TASK INSTRUCTIONS: The result should be an exact copy of the entries that follow, with no pictures included.

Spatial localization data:

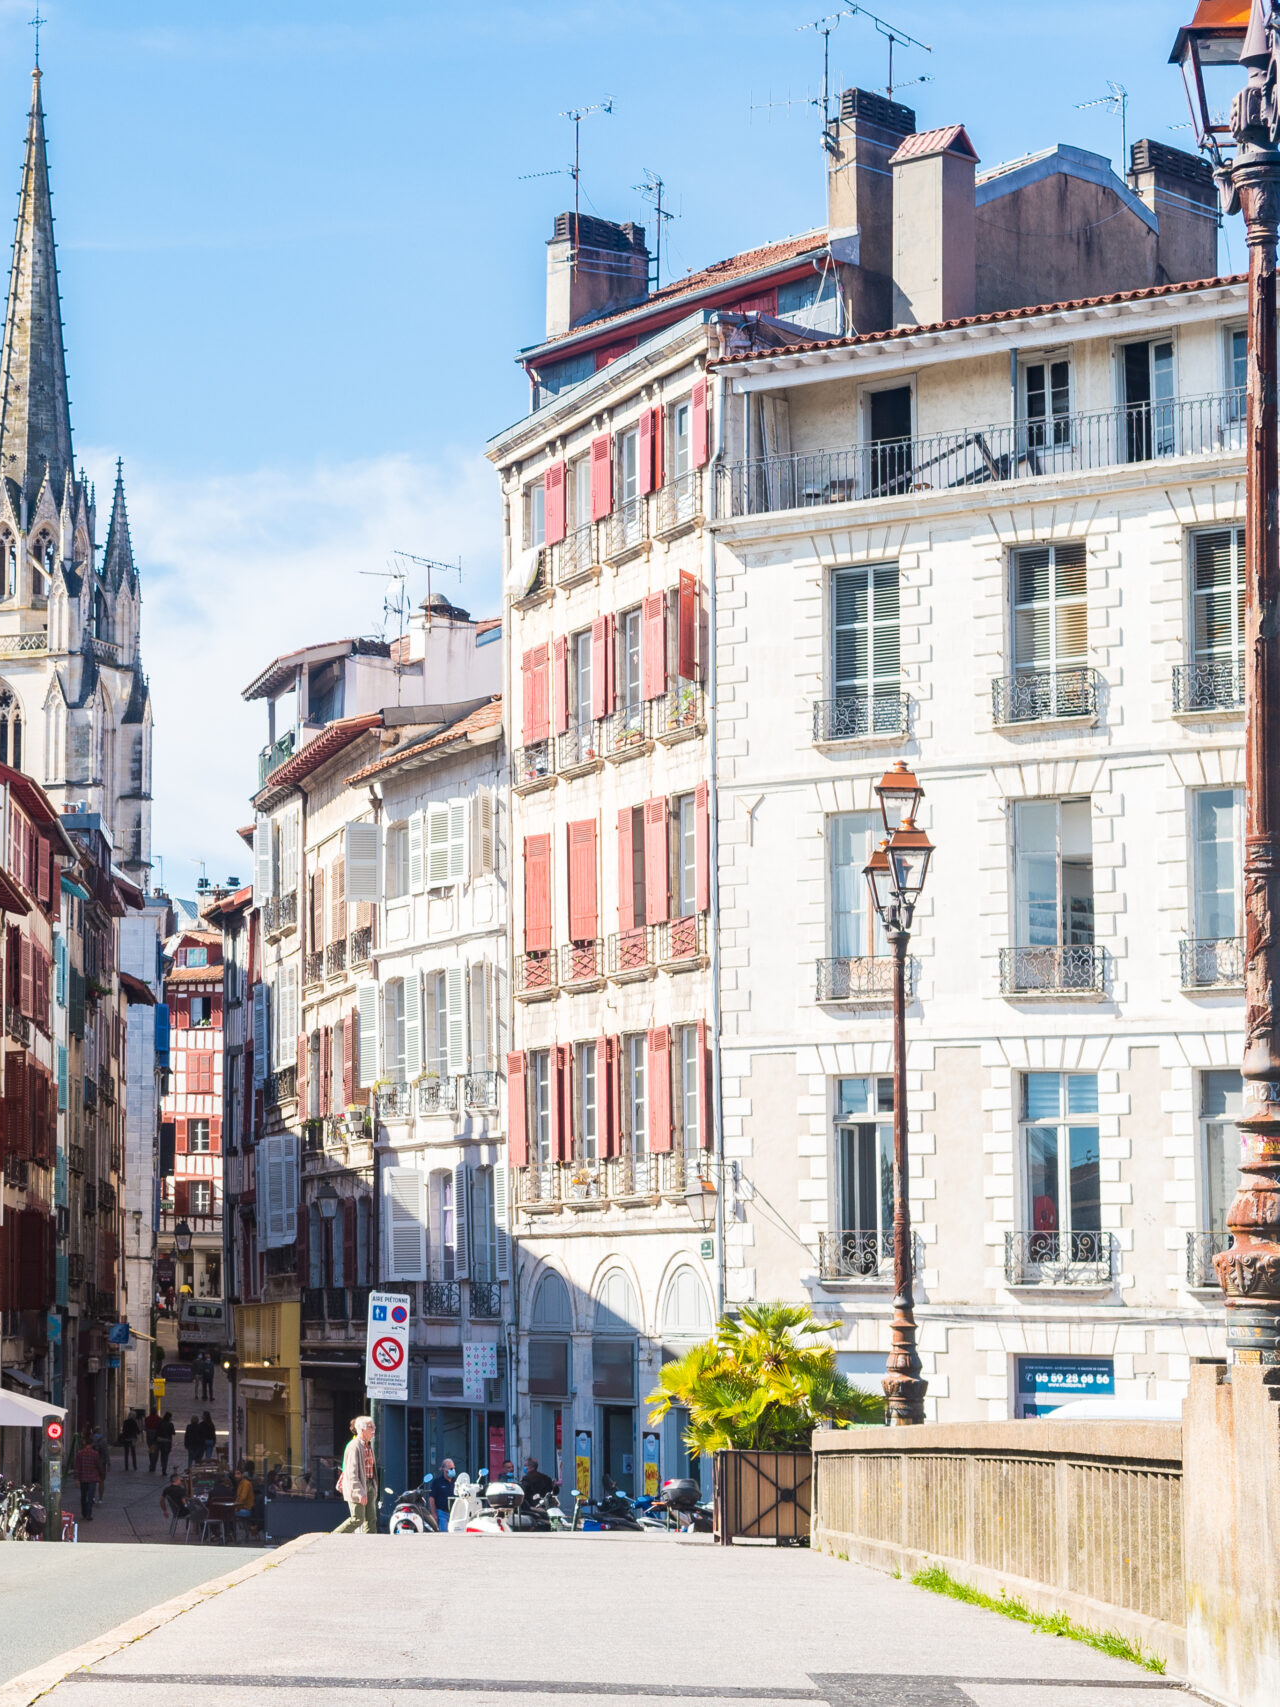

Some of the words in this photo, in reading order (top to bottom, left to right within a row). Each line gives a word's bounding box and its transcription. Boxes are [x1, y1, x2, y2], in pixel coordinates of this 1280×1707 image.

[385, 1296, 408, 1304] PIÉTONNE
[1035, 1373, 1049, 1382] 05
[1051, 1373, 1063, 1383] 59
[1065, 1373, 1078, 1383] 25
[1080, 1374, 1094, 1384] 68
[1096, 1374, 1109, 1384] 56
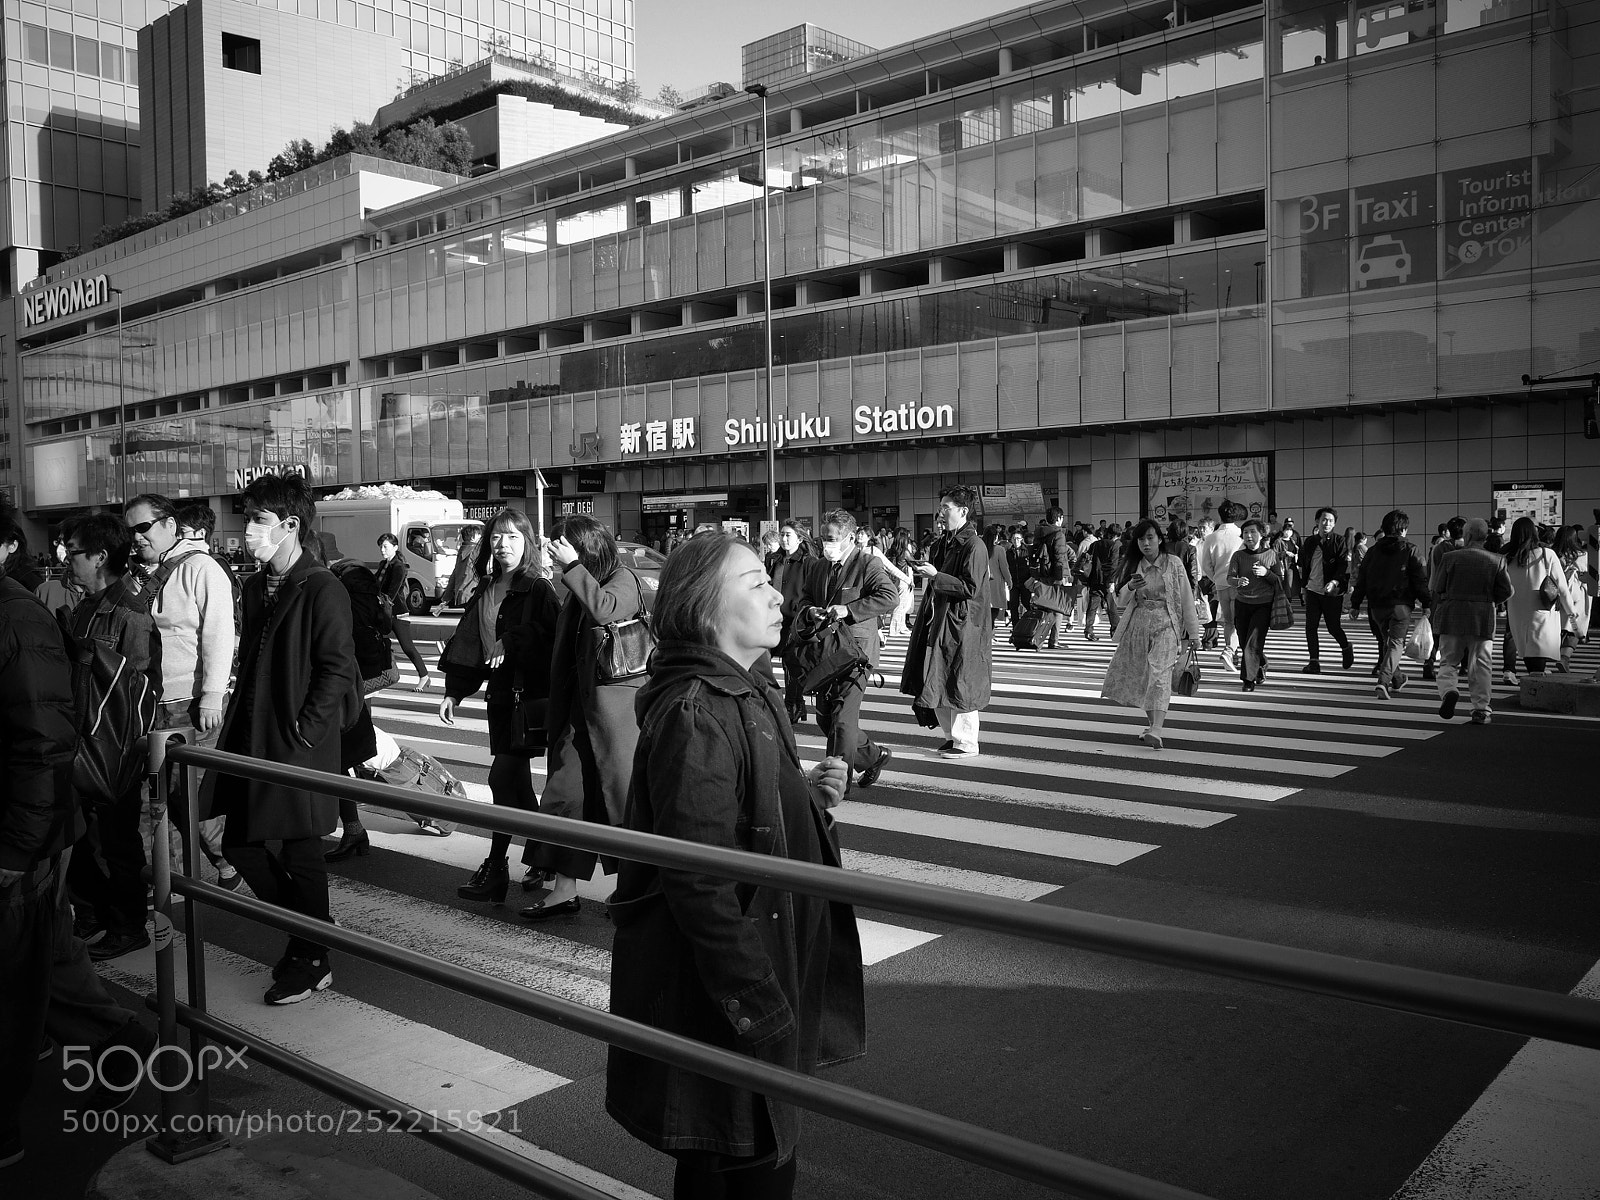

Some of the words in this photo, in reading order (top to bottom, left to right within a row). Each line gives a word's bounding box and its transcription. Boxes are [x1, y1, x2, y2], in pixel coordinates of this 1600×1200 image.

[1457, 169, 1531, 197] Tourist
[1299, 195, 1341, 234] 3F
[1355, 190, 1418, 226] Taxi
[1458, 214, 1528, 238] Center
[24, 273, 110, 327] NEWoMan
[619, 415, 696, 454] 新宿駅
[724, 412, 831, 448] Shinjuku
[854, 400, 954, 434] Station
[234, 463, 306, 490] NEWn

WRITTEN RESPONSE:
Some of the words in this photo, in reading order (top to bottom, left to right within a row). Each line gives a word's bounding box and its transcription. Boxes are [x1, y1, x2, y2], in pixel coordinates of this 1280×1707 image.

[385, 1296, 408, 1304] PIÉTONNE
[1035, 1373, 1049, 1382] 05
[1051, 1373, 1063, 1383] 59
[1065, 1373, 1078, 1383] 25
[1080, 1374, 1094, 1384] 68
[1096, 1374, 1109, 1384] 56

Some of the words in this photo, in reading order (top to bottom, left to right within a row). Each line gives a word's bounding box and its transcription. Boxes are [x1, y1, x2, y2], in pixel coordinates of this 1600×1200 image.

[1457, 169, 1531, 197] Tourist
[1299, 195, 1341, 234] 3F
[1355, 190, 1418, 226] Taxi
[1458, 214, 1528, 238] Center
[24, 273, 110, 327] NEWoMan
[619, 415, 696, 454] 新宿駅
[724, 412, 831, 448] Shinjuku
[854, 400, 954, 434] Station
[234, 463, 306, 490] NEWn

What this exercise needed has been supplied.